▼▼▼
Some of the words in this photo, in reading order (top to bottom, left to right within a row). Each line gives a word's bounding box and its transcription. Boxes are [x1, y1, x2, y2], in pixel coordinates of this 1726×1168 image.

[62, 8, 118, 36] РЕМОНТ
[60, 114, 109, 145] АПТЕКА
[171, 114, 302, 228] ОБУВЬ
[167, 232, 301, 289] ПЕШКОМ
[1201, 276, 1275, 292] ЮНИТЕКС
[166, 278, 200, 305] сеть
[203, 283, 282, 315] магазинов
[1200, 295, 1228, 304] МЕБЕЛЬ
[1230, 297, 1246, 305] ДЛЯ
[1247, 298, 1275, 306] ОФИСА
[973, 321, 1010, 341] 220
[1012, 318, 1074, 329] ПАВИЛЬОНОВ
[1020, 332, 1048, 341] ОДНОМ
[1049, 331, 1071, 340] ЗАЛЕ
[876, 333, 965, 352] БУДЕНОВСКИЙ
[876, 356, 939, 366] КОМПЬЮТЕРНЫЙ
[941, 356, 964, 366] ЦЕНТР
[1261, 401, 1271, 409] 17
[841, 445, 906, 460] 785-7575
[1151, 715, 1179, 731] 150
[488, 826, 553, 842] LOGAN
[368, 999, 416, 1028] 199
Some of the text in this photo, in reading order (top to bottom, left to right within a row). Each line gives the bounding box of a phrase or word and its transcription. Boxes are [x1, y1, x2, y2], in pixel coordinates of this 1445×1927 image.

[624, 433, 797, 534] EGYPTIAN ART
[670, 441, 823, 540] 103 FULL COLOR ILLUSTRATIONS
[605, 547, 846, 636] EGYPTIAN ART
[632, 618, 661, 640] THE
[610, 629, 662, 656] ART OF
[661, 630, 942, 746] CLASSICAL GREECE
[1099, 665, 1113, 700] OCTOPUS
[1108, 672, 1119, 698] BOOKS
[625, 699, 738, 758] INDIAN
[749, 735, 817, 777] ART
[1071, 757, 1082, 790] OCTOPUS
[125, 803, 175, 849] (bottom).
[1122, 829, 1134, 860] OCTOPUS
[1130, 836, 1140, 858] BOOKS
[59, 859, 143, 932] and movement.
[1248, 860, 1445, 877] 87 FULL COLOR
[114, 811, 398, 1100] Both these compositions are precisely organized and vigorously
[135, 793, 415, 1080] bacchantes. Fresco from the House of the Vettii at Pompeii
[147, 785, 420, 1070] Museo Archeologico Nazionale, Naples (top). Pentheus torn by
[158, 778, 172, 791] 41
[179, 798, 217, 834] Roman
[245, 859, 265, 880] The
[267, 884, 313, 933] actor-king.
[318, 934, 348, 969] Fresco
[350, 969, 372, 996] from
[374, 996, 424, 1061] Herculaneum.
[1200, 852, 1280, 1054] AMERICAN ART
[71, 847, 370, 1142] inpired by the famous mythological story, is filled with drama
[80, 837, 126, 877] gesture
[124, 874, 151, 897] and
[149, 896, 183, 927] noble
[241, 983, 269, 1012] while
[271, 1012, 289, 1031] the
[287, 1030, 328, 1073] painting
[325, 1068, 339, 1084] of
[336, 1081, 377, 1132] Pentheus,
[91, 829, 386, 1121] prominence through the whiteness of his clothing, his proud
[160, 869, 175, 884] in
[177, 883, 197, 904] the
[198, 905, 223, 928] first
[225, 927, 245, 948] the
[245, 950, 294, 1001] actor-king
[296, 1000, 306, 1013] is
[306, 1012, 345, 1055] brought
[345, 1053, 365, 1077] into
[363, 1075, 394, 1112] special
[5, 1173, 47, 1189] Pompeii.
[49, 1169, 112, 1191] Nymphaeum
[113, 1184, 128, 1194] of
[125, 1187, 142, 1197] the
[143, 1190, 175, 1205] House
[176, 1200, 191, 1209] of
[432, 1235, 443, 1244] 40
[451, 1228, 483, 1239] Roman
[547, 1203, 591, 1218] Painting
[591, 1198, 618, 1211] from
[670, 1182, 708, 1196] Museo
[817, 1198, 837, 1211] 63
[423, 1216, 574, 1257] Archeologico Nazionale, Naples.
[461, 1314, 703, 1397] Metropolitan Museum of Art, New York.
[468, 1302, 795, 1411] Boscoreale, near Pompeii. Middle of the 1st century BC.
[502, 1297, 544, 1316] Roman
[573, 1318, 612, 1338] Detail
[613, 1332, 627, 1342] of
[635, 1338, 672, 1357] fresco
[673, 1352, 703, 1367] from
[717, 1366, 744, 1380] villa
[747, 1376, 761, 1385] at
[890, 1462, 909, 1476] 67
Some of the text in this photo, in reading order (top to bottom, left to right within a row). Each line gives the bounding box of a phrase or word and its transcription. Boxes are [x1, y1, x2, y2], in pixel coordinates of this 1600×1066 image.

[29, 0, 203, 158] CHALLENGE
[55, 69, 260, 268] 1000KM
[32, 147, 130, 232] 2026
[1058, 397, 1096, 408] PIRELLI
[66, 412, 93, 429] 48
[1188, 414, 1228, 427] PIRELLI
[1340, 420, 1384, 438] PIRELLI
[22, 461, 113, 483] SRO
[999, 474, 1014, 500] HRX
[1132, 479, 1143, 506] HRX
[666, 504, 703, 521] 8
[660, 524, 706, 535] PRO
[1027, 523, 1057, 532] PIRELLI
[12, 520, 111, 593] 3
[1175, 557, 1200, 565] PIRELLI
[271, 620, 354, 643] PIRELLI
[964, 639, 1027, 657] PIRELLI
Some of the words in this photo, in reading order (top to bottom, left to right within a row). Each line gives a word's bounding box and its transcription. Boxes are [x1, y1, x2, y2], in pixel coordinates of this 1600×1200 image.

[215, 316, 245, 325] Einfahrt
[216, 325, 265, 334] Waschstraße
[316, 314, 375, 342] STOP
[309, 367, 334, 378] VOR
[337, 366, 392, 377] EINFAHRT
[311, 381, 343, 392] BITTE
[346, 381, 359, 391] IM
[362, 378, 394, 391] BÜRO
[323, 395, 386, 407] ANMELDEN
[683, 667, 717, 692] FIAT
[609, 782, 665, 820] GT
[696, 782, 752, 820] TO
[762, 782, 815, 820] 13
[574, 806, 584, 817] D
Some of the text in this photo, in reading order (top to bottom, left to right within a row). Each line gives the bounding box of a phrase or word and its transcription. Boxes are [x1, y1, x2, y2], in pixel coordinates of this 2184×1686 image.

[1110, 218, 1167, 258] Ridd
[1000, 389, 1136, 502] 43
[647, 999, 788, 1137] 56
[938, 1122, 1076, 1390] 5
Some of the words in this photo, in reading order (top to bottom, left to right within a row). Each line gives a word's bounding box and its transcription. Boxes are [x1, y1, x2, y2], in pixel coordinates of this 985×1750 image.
▲▲▲
WHAT THE TASK REQUIRES » Reproduce the whole listing verbatim.

YOUR RESPONSE »
Some of the words in this photo, in reading order (top to bottom, left to right within a row). Each line gives a word's bounding box and its transcription. Boxes are [x1, y1, x2, y2], in pixel coordinates of this 1726×1168 image.

[62, 8, 118, 36] РЕМОНТ
[60, 114, 109, 145] АПТЕКА
[171, 114, 302, 228] ОБУВЬ
[167, 232, 301, 289] ПЕШКОМ
[1201, 276, 1275, 292] ЮНИТЕКС
[166, 278, 200, 305] сеть
[203, 283, 282, 315] магазинов
[1200, 295, 1228, 304] МЕБЕЛЬ
[1230, 297, 1246, 305] ДЛЯ
[1247, 298, 1275, 306] ОФИСА
[973, 321, 1010, 341] 220
[1012, 318, 1074, 329] ПАВИЛЬОНОВ
[1020, 332, 1048, 341] ОДНОМ
[1049, 331, 1071, 340] ЗАЛЕ
[876, 333, 965, 352] БУДЕНОВСКИЙ
[876, 356, 939, 366] КОМПЬЮТЕРНЫЙ
[941, 356, 964, 366] ЦЕНТР
[1261, 401, 1271, 409] 17
[841, 445, 906, 460] 785-7575
[1151, 715, 1179, 731] 150
[488, 826, 553, 842] LOGAN
[368, 999, 416, 1028] 199
Some of the text in this photo, in reading order (top to bottom, left to right within a row). Each line gives the bounding box of a phrase or word and its transcription. Boxes are [x1, y1, x2, y2], in pixel coordinates of this 1445×1927 image.

[624, 433, 797, 534] EGYPTIAN ART
[670, 441, 823, 540] 103 FULL COLOR ILLUSTRATIONS
[605, 547, 846, 636] EGYPTIAN ART
[632, 618, 661, 640] THE
[610, 629, 662, 656] ART OF
[661, 630, 942, 746] CLASSICAL GREECE
[1099, 665, 1113, 700] OCTOPUS
[1108, 672, 1119, 698] BOOKS
[625, 699, 738, 758] INDIAN
[749, 735, 817, 777] ART
[1071, 757, 1082, 790] OCTOPUS
[125, 803, 175, 849] (bottom).
[1122, 829, 1134, 860] OCTOPUS
[1130, 836, 1140, 858] BOOKS
[59, 859, 143, 932] and movement.
[1248, 860, 1445, 877] 87 FULL COLOR
[114, 811, 398, 1100] Both these compositions are precisely organized and vigorously
[135, 793, 415, 1080] bacchantes. Fresco from the House of the Vettii at Pompeii
[147, 785, 420, 1070] Museo Archeologico Nazionale, Naples (top). Pentheus torn by
[158, 778, 172, 791] 41
[179, 798, 217, 834] Roman
[245, 859, 265, 880] The
[267, 884, 313, 933] actor-king.
[318, 934, 348, 969] Fresco
[350, 969, 372, 996] from
[374, 996, 424, 1061] Herculaneum.
[1200, 852, 1280, 1054] AMERICAN ART
[71, 847, 370, 1142] inpired by the famous mythological story, is filled with drama
[80, 837, 126, 877] gesture
[124, 874, 151, 897] and
[149, 896, 183, 927] noble
[241, 983, 269, 1012] while
[271, 1012, 289, 1031] the
[287, 1030, 328, 1073] painting
[325, 1068, 339, 1084] of
[336, 1081, 377, 1132] Pentheus,
[91, 829, 386, 1121] prominence through the whiteness of his clothing, his proud
[160, 869, 175, 884] in
[177, 883, 197, 904] the
[198, 905, 223, 928] first
[225, 927, 245, 948] the
[245, 950, 294, 1001] actor-king
[296, 1000, 306, 1013] is
[306, 1012, 345, 1055] brought
[345, 1053, 365, 1077] into
[363, 1075, 394, 1112] special
[5, 1173, 47, 1189] Pompeii.
[49, 1169, 112, 1191] Nymphaeum
[113, 1184, 128, 1194] of
[125, 1187, 142, 1197] the
[143, 1190, 175, 1205] House
[176, 1200, 191, 1209] of
[432, 1235, 443, 1244] 40
[451, 1228, 483, 1239] Roman
[547, 1203, 591, 1218] Painting
[591, 1198, 618, 1211] from
[670, 1182, 708, 1196] Museo
[817, 1198, 837, 1211] 63
[423, 1216, 574, 1257] Archeologico Nazionale, Naples.
[461, 1314, 703, 1397] Metropolitan Museum of Art, New York.
[468, 1302, 795, 1411] Boscoreale, near Pompeii. Middle of the 1st century BC.
[502, 1297, 544, 1316] Roman
[573, 1318, 612, 1338] Detail
[613, 1332, 627, 1342] of
[635, 1338, 672, 1357] fresco
[673, 1352, 703, 1367] from
[717, 1366, 744, 1380] villa
[747, 1376, 761, 1385] at
[890, 1462, 909, 1476] 67
Some of the text in this photo, in reading order (top to bottom, left to right within a row). Each line gives the bounding box of a phrase or word and its transcription. Boxes are [x1, y1, x2, y2], in pixel coordinates of this 1600×1066 image.

[29, 0, 203, 158] CHALLENGE
[55, 69, 260, 268] 1000KM
[32, 147, 130, 232] 2026
[1058, 397, 1096, 408] PIRELLI
[66, 412, 93, 429] 48
[1188, 414, 1228, 427] PIRELLI
[1340, 420, 1384, 438] PIRELLI
[22, 461, 113, 483] SRO
[999, 474, 1014, 500] HRX
[1132, 479, 1143, 506] HRX
[666, 504, 703, 521] 8
[660, 524, 706, 535] PRO
[1027, 523, 1057, 532] PIRELLI
[12, 520, 111, 593] 3
[1175, 557, 1200, 565] PIRELLI
[271, 620, 354, 643] PIRELLI
[964, 639, 1027, 657] PIRELLI
Some of the words in this photo, in reading order (top to bottom, left to right within a row). Each line gives a word's bounding box and its transcription. Boxes are [x1, y1, x2, y2], in pixel coordinates of this 1600×1200 image.

[215, 316, 245, 325] Einfahrt
[216, 325, 265, 334] Waschstraße
[316, 314, 375, 342] STOP
[309, 367, 334, 378] VOR
[337, 366, 392, 377] EINFAHRT
[311, 381, 343, 392] BITTE
[346, 381, 359, 391] IM
[362, 378, 394, 391] BÜRO
[323, 395, 386, 407] ANMELDEN
[683, 667, 717, 692] FIAT
[609, 782, 665, 820] GT
[696, 782, 752, 820] TO
[762, 782, 815, 820] 13
[574, 806, 584, 817] D
Some of the text in this photo, in reading order (top to bottom, left to right within a row). Each line gives the bounding box of a phrase or word and its transcription. Boxes are [x1, y1, x2, y2], in pixel coordinates of this 2184×1686 image.

[1110, 218, 1167, 258] Ridd
[1000, 389, 1136, 502] 43
[647, 999, 788, 1137] 56
[938, 1122, 1076, 1390] 5
Some of the words in this photo, in reading order (top to bottom, left to right within a row). Each line gives a word's bounding box and its transcription. Boxes are [x1, y1, x2, y2], in pixel coordinates of this 985×1750 image.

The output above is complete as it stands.